Свои впечатления он подробно описывал в дневнике. Это личные записки: «Дневник путешествия в Россию в 1867 году» не предназначался для печати и был опубликован только после смерти автора. Читать их очень увлекательно: фирменная ирония Кэрролла здесь иногда сочетается с поистине детским восторгом человека, который впервые оказался за границей.

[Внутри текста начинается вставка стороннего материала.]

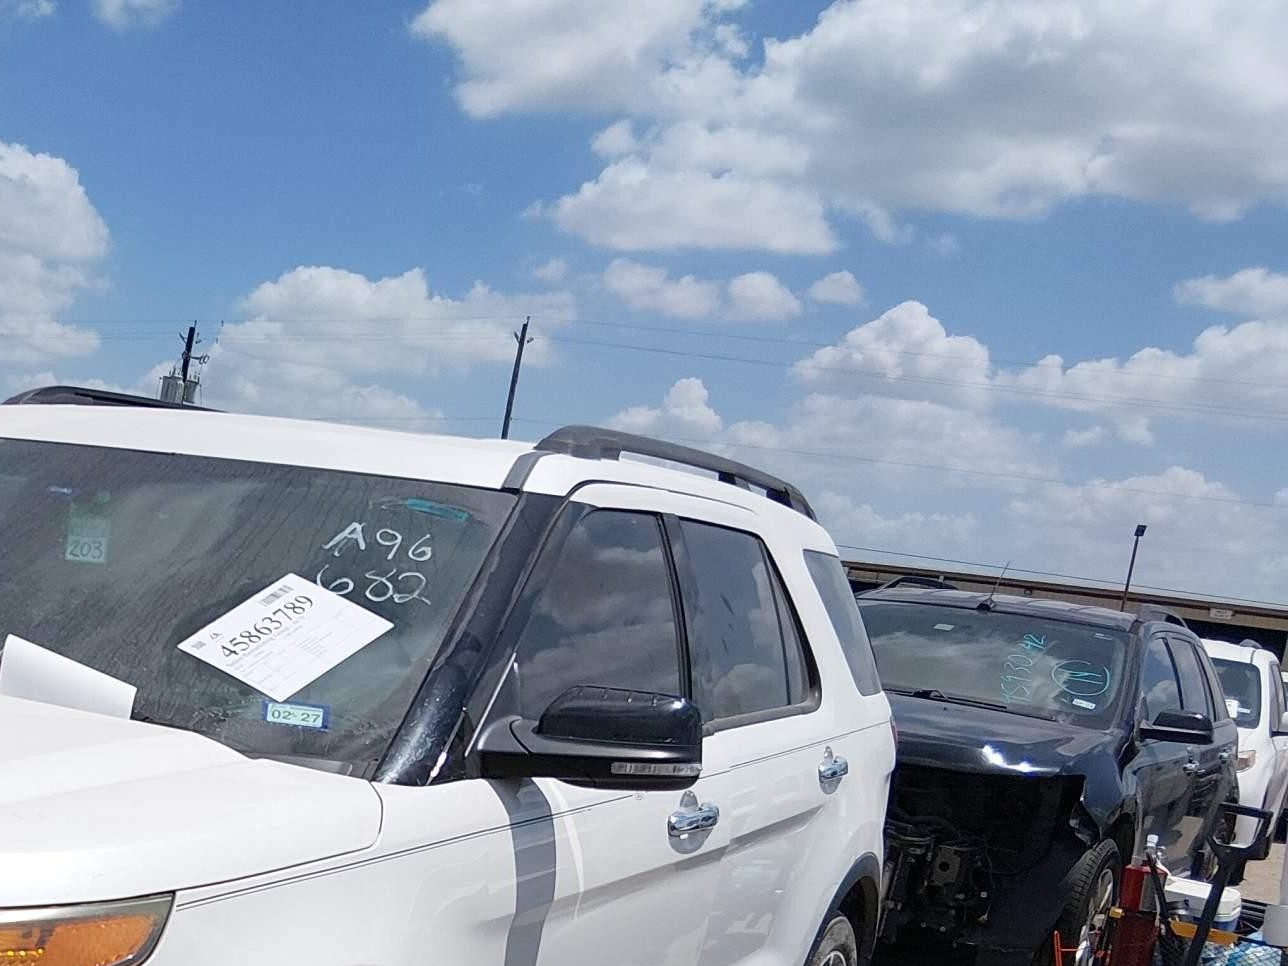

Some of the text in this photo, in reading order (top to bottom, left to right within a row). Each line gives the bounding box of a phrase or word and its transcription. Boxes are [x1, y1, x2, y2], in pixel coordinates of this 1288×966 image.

[321, 521, 432, 562] A96
[316, 563, 431, 605] 682
[221, 594, 315, 659] 45863789

Первым пунктом назначения стал Петербург, куда писатель прибыл 26 июля на поезде из Кенигсберга (поездка заняла 28,5 часа). Вот как он описывает впечатления от своей первой прогулке по столице:

«Огромная ширина улиц (второстепенные улицы, похоже, шире, чем что-либо подобное в Лондоне), маленькие дрожки, которые беспрестанно проносились мимо, похоже, совершенно безучастные к тому, что могут кого-нибудь переехать (вскоре мы обнаружили, что нужно постоянно быть начеку, потому что возницы никогда не кричали, давая о себе знать, как бы близко к нам ни подбирались), огромные освещенные вывески над магазинами и гигантские церкви с их голубыми, в золотых звездах, куполами и приводящая в замешательство тарабарщина местных жителей…»

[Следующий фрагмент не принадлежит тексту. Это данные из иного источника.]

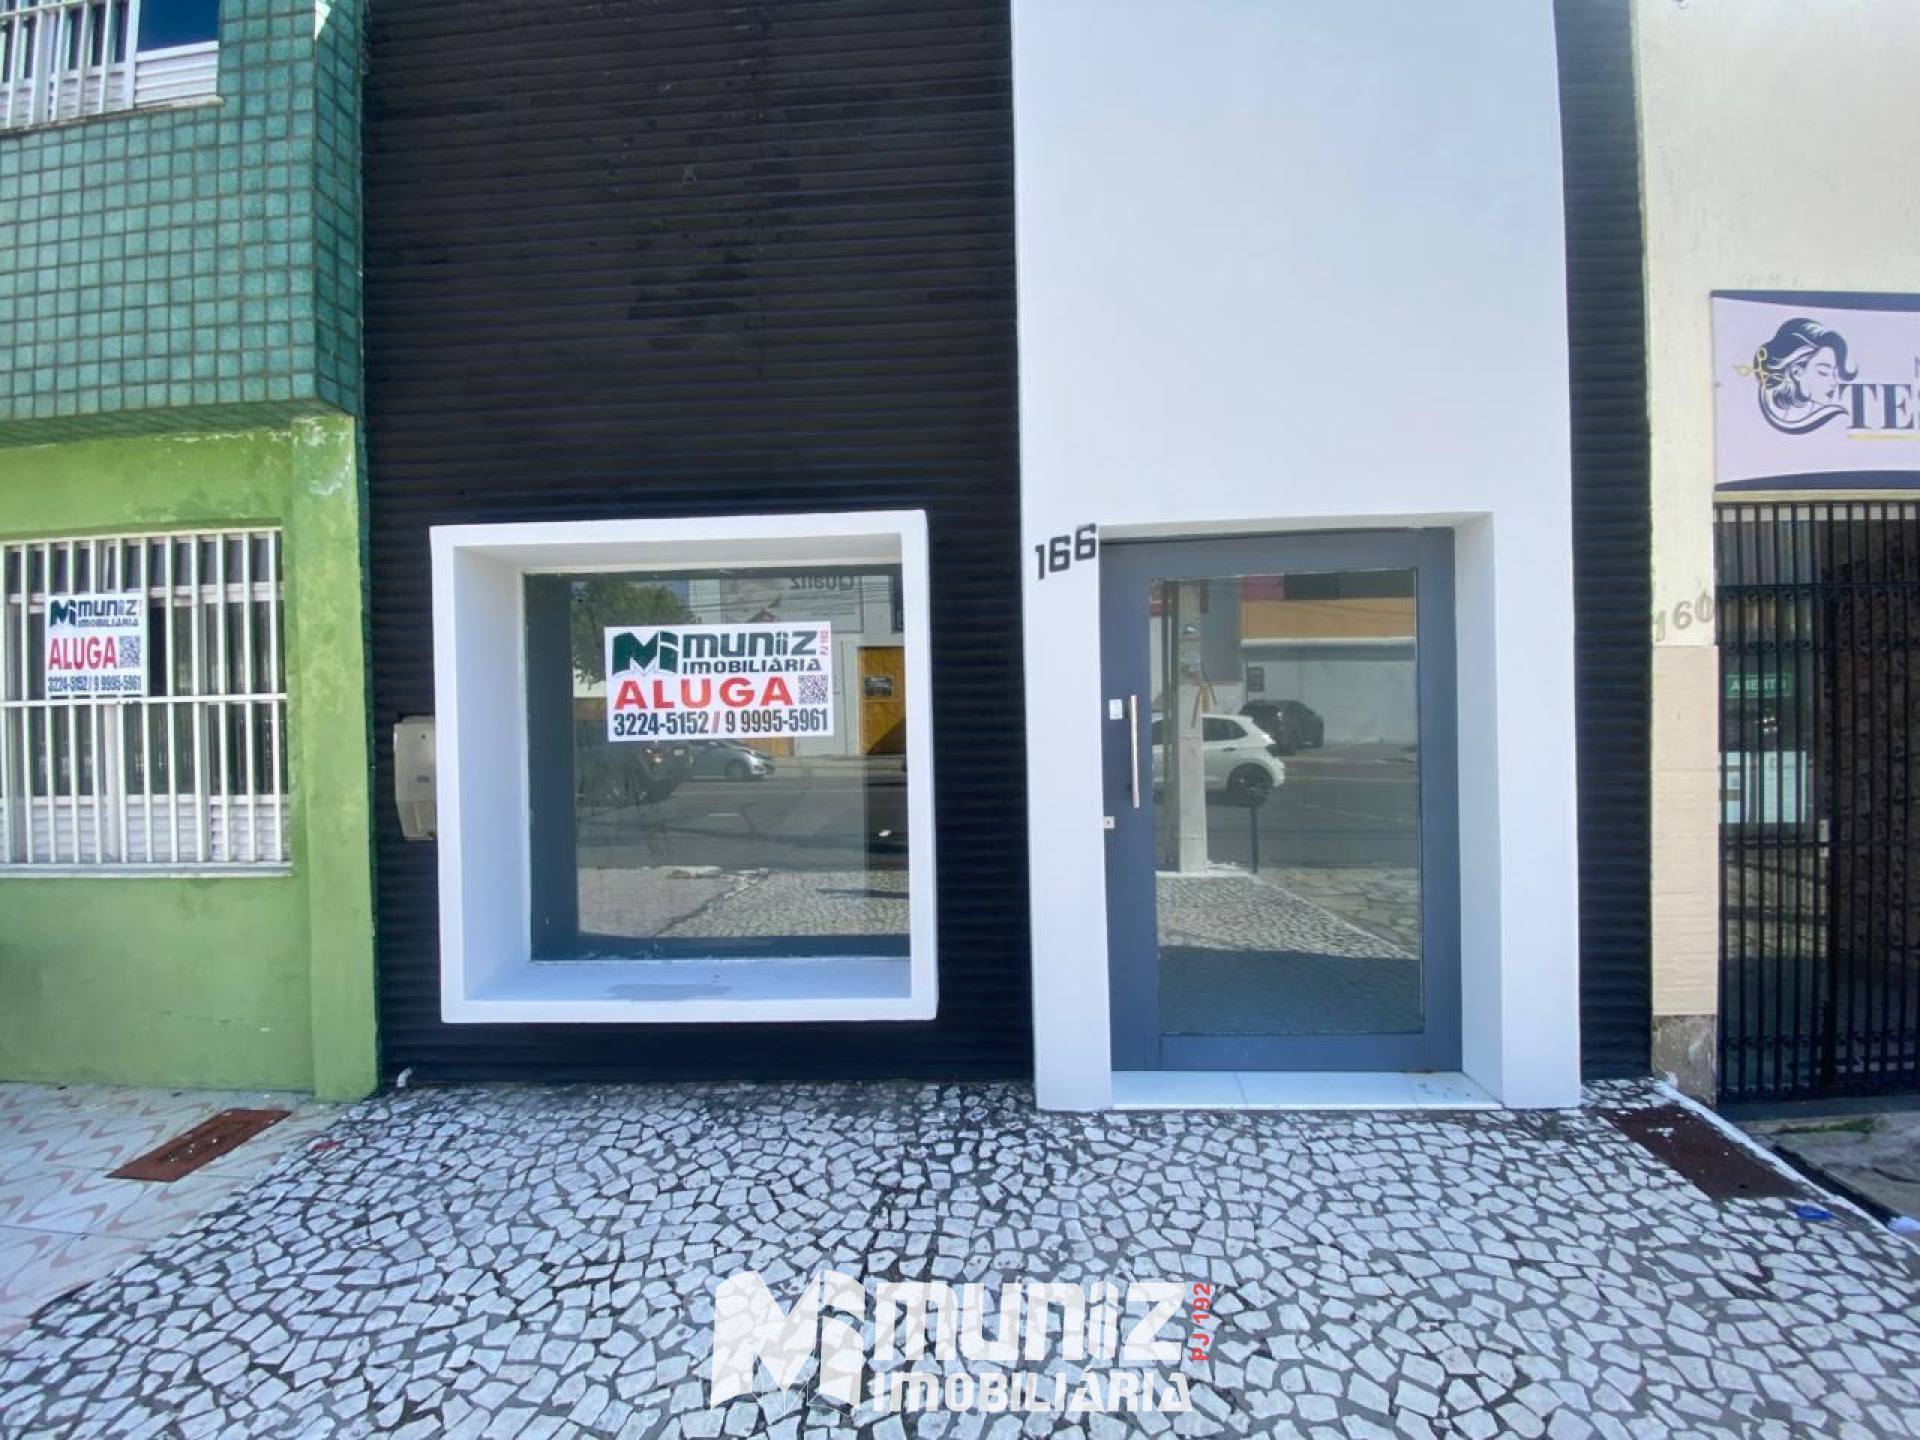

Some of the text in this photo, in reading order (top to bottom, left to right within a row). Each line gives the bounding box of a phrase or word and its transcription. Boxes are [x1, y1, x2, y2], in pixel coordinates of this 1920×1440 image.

[1838, 384, 1920, 429] TE
[1035, 523, 1096, 580] 166
[48, 635, 117, 670] ALUGA
[613, 676, 794, 710] ALUGA
[614, 711, 709, 736] 3224-5152
[725, 710, 736, 733] 9
[741, 708, 828, 733] 9995-5961

В первое свое утро в Петербурге путешественники сходили на службу в Исаакиевский собор. Их очень впечатлило, что «никаких музыкальных инструментов, которые бы помогали песнопениям, не было, но певчим удалось создать чудесное впечатление с помощью одних только голосов», но пышность обрядов показалась чрезмерной:

«Чем больше видишь эти роскошные службы с их многочисленными способами воздействия на органы чувств, тем больше любишь скромную и бесхитростную (но, по моему мнению, более реальную) службу английской церкви».

Потом гуляли по Невскому («должно быть, это одна из самых прекрасных улиц в мире») и любовались Медным всадником:

«Если бы такую статую поставили в Берлине, то Петр, несомненно, непосредственно участвовал бы в процессе умерщвления чудища, но здесь он не обращает на него никакого внимания: по сути дела, теория умерщвления здесь явно не находит поддержки».

В следующие несколько дней Кэрролл учится торговаться с извозчиками по-русски с помощью разговорника, ходит по рынкам, осматривает Эрмитаж, Александро-Невскую лавру и Петропавловский собор:

«Мы посетили кафедральную церковь в крепости, представляющую собой сплошную гору золота, драгоценностей и мрамора, скорее внушительную, чем красивую».

Один день путешественники выделили на осмотр Петергофа, куда отправились «на пароходе по гладкому и пресному Финскому заливу»:

«Мы обошли и объехали территорию двух императорских дворцов, включая множество летних домиков, каждый из которых сам по себе мог бы быть весьма неплохой резиденцией… На каждом углу или в конце проспекта или аллеи, где можно было установить скульптуру, таковая скульптура непременно присутствовала».

2 августа Кэрролл и Лиддон отправились в Москву. Вот первое впечатление:

«Мы уделили пять или шесть часов прогулке по этому чудесному городу, городу белых и зеленых крыш, конических башен, которые вырастают друг из друга словно сложенный телескоп; выпуклых золоченых куполов, в которых отражаются, как в зеркале, искаженные картинки города; церквей, похожих снаружи на гроздья разноцветных кактусов (некоторые отростки увенчаны зелеными колючими бутонами, другие — голубыми, третьи — красными и белыми), которые внутри полностью увешаны иконами и лампадами и до самой крыши украшены рядами подсвеченных картин; и, наконец, город мостовой, которая напоминает перепаханное поле, и извозчиков, которые настаивают, чтобы им платили сегодня на тридцать процентов дороже, потому что сегодня день рождения императрицы».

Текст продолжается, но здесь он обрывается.